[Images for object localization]
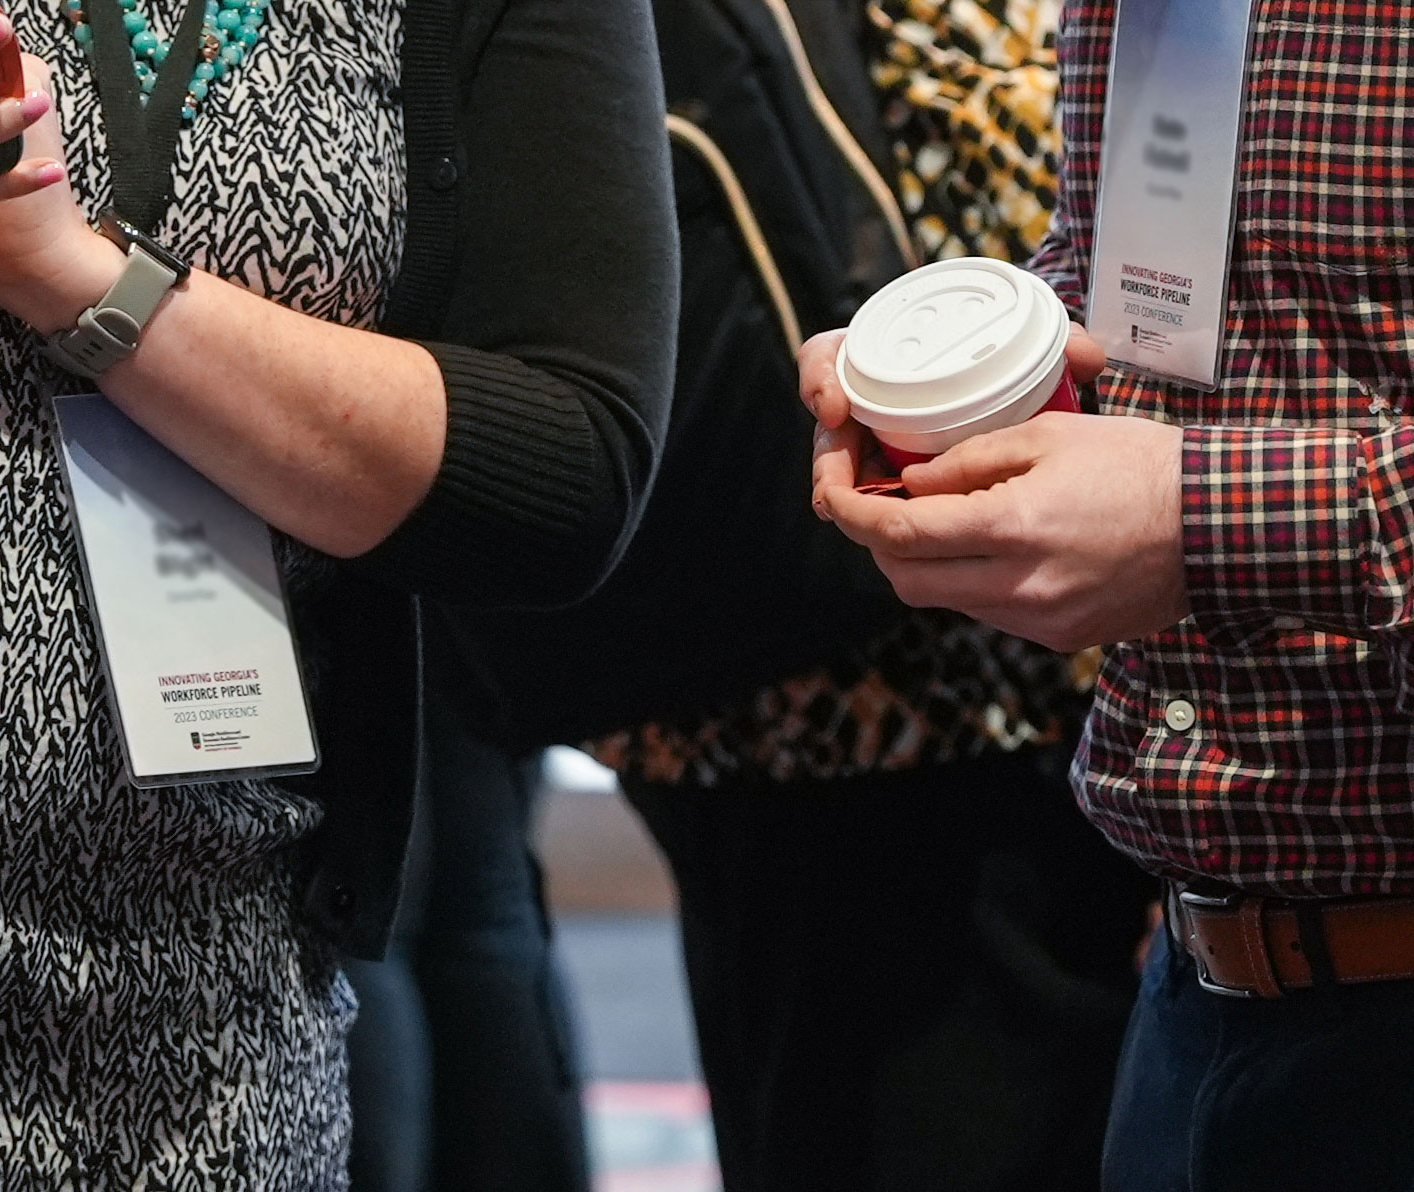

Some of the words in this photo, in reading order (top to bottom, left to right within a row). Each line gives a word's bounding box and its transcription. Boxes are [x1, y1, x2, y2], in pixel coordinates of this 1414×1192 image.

[1122, 263, 1158, 281] INNOVATING
[1159, 272, 1193, 289] GEORGIA'S
[1120, 278, 1160, 299] WORKFORCE
[1161, 288, 1191, 306] PIPELINE
[1141, 306, 1184, 326] CONFERENCE
[158, 672, 212, 687] INNOVATING
[213, 669, 259, 682] GEORGIA'S
[160, 687, 219, 703] WORKFORCE
[220, 683, 262, 698] PIPELINE
[173, 711, 198, 723] 2023
[199, 706, 259, 721] CONFERENCE
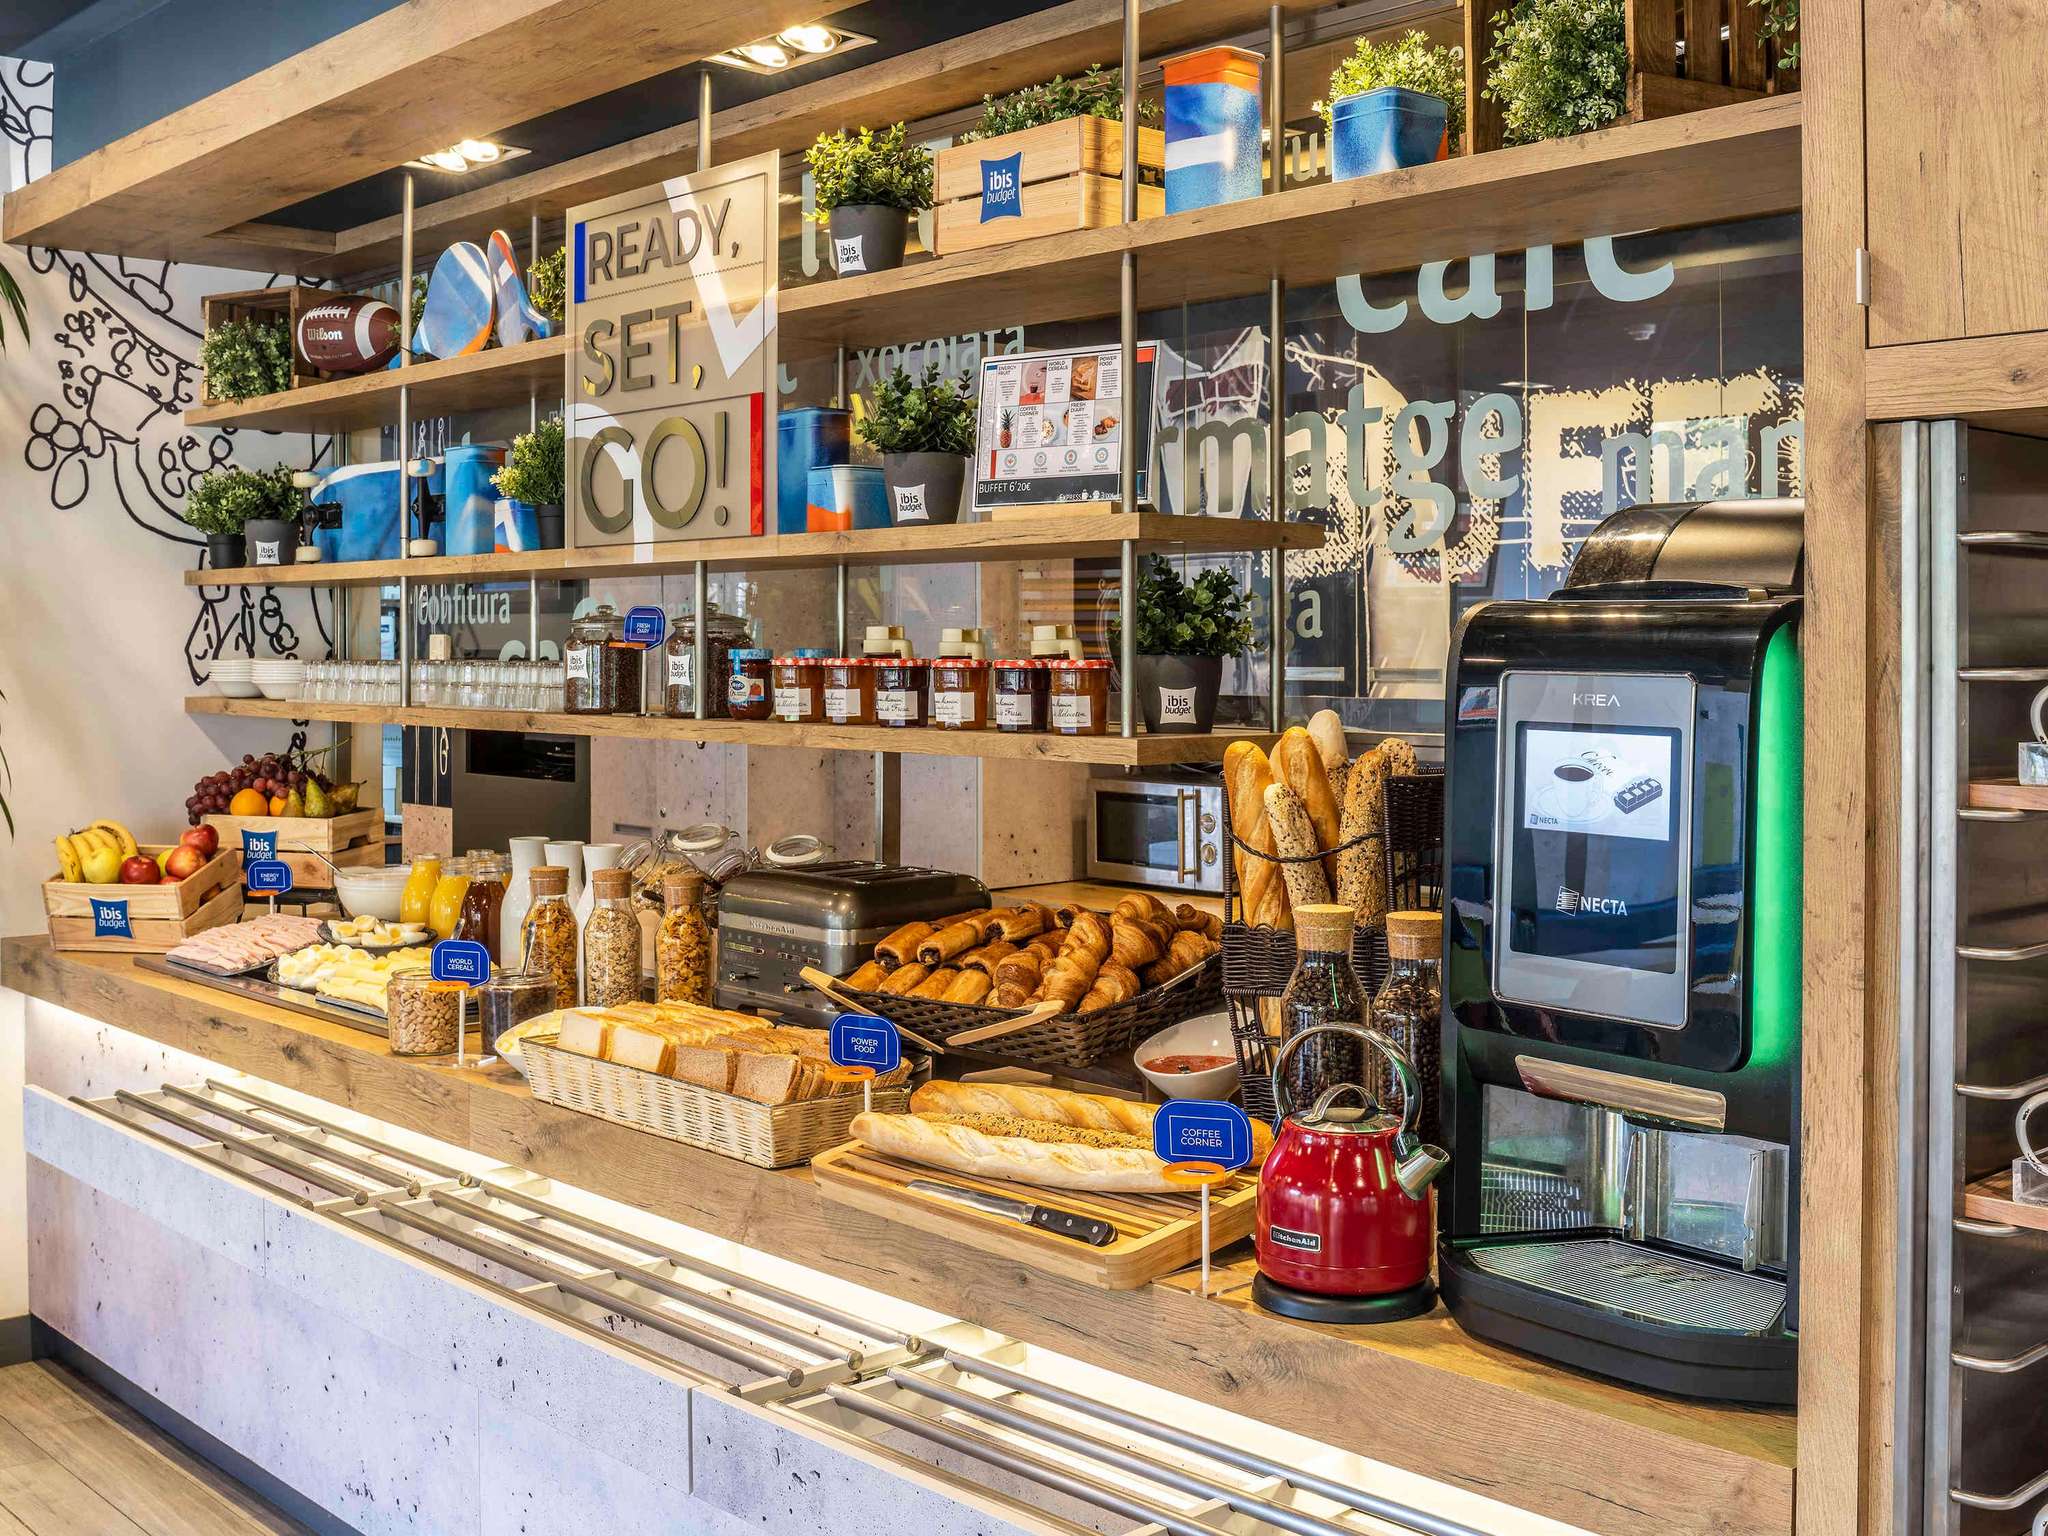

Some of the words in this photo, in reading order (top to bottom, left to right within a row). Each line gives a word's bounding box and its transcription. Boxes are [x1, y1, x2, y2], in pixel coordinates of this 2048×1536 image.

[989, 169, 1012, 190] ibis
[986, 186, 1016, 205] budget
[588, 197, 740, 285] READY,
[840, 245, 857, 256] ibis
[839, 253, 860, 264] budget
[306, 327, 343, 341] Wilson
[582, 300, 703, 397] SET,
[581, 411, 729, 535] GO!
[979, 482, 1008, 494] BUFFET
[900, 493, 919, 504] ibis
[899, 503, 922, 512] budget
[260, 546, 274, 554] ibis
[569, 655, 582, 665] ibis
[671, 661, 684, 670] ibis
[1167, 695, 1188, 706] ibis
[1164, 705, 1192, 716] budget
[1539, 816, 1559, 825] NECTA
[249, 838, 271, 851] ibis
[246, 850, 273, 860] budget
[1580, 896, 1628, 916] NECTA
[100, 906, 123, 920] ibis
[98, 918, 127, 930] budget
[447, 963, 475, 972] CEREALS
[448, 958, 473, 966] WORLD
[851, 1037, 879, 1047] POWER
[854, 1045, 876, 1054] FOOD
[1181, 1127, 1221, 1139] COFFEE
[1180, 1136, 1223, 1148] CORNER
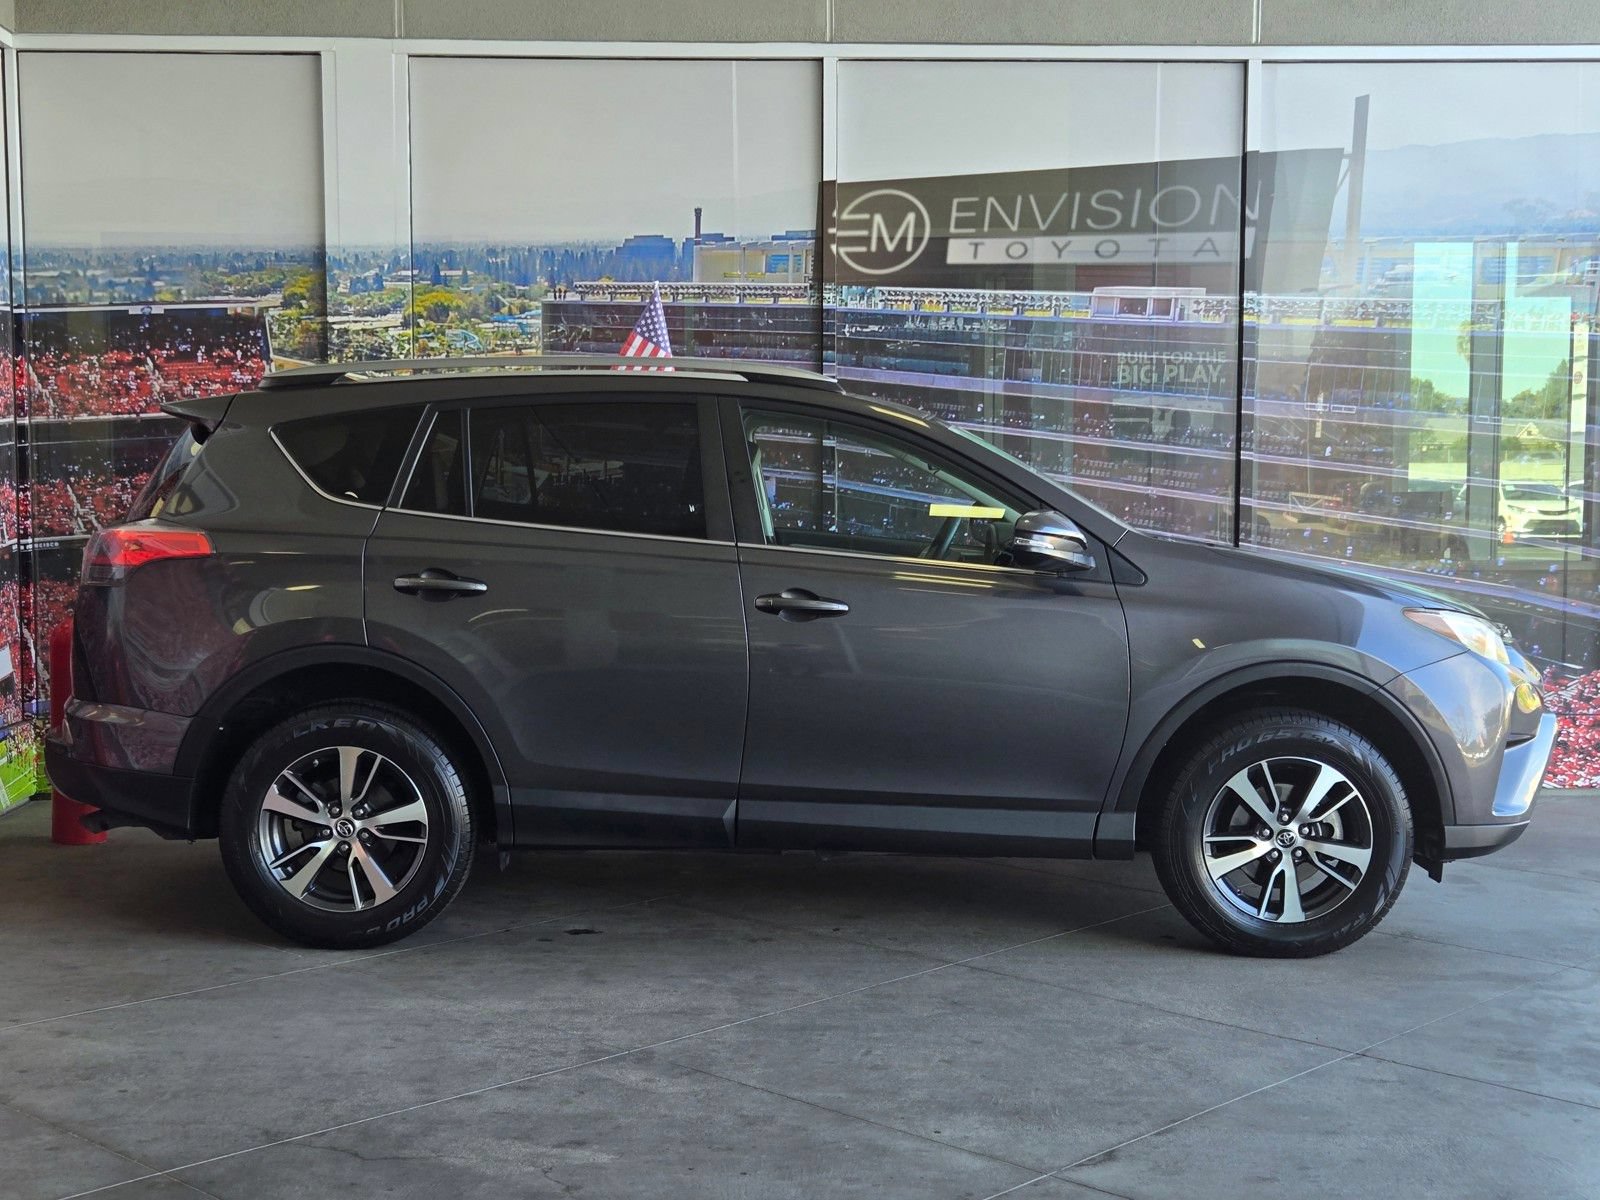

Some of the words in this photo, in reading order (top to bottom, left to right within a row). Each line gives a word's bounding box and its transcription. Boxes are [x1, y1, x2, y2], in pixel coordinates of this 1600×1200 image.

- Exercise instructions -
The data above should be repeated in full and exactly, with no pictures carried over.

- Reply -
Some of the words in this photo, in reading order (top to bottom, left to right within a row). Each line gives a word's bounding box and its transcription. Boxes are [x1, y1, x2, y2], in pixel coordinates of this 1414×1192 image.

[1122, 263, 1158, 281] INNOVATING
[1159, 272, 1193, 289] GEORGIA'S
[1120, 278, 1160, 299] WORKFORCE
[1161, 288, 1191, 306] PIPELINE
[1141, 306, 1184, 326] CONFERENCE
[158, 672, 212, 687] INNOVATING
[213, 669, 259, 682] GEORGIA'S
[160, 687, 219, 703] WORKFORCE
[220, 683, 262, 698] PIPELINE
[173, 711, 198, 723] 2023
[199, 706, 259, 721] CONFERENCE

Some of the words in this photo, in reading order (top to bottom, left to right within a row). Each line gives a word's bounding box and its transcription. Boxes are [x1, y1, x2, y2], in pixel coordinates of this 2048×1536 image.

[989, 169, 1012, 190] ibis
[986, 186, 1016, 205] budget
[588, 197, 740, 285] READY,
[840, 245, 857, 256] ibis
[839, 253, 860, 264] budget
[306, 327, 343, 341] Wilson
[582, 300, 703, 397] SET,
[581, 411, 729, 535] GO!
[979, 482, 1008, 494] BUFFET
[900, 493, 919, 504] ibis
[899, 503, 922, 512] budget
[260, 546, 274, 554] ibis
[569, 655, 582, 665] ibis
[671, 661, 684, 670] ibis
[1167, 695, 1188, 706] ibis
[1164, 705, 1192, 716] budget
[1539, 816, 1559, 825] NECTA
[249, 838, 271, 851] ibis
[246, 850, 273, 860] budget
[1580, 896, 1628, 916] NECTA
[100, 906, 123, 920] ibis
[98, 918, 127, 930] budget
[447, 963, 475, 972] CEREALS
[448, 958, 473, 966] WORLD
[851, 1037, 879, 1047] POWER
[854, 1045, 876, 1054] FOOD
[1181, 1127, 1221, 1139] COFFEE
[1180, 1136, 1223, 1148] CORNER

Some of the words in this photo, in reading order (top to bottom, left to right within a row). Each line gives a word's bounding box and its transcription. Boxes are [x1, y1, x2, y2], in pixel coordinates of this 1600×1200 image.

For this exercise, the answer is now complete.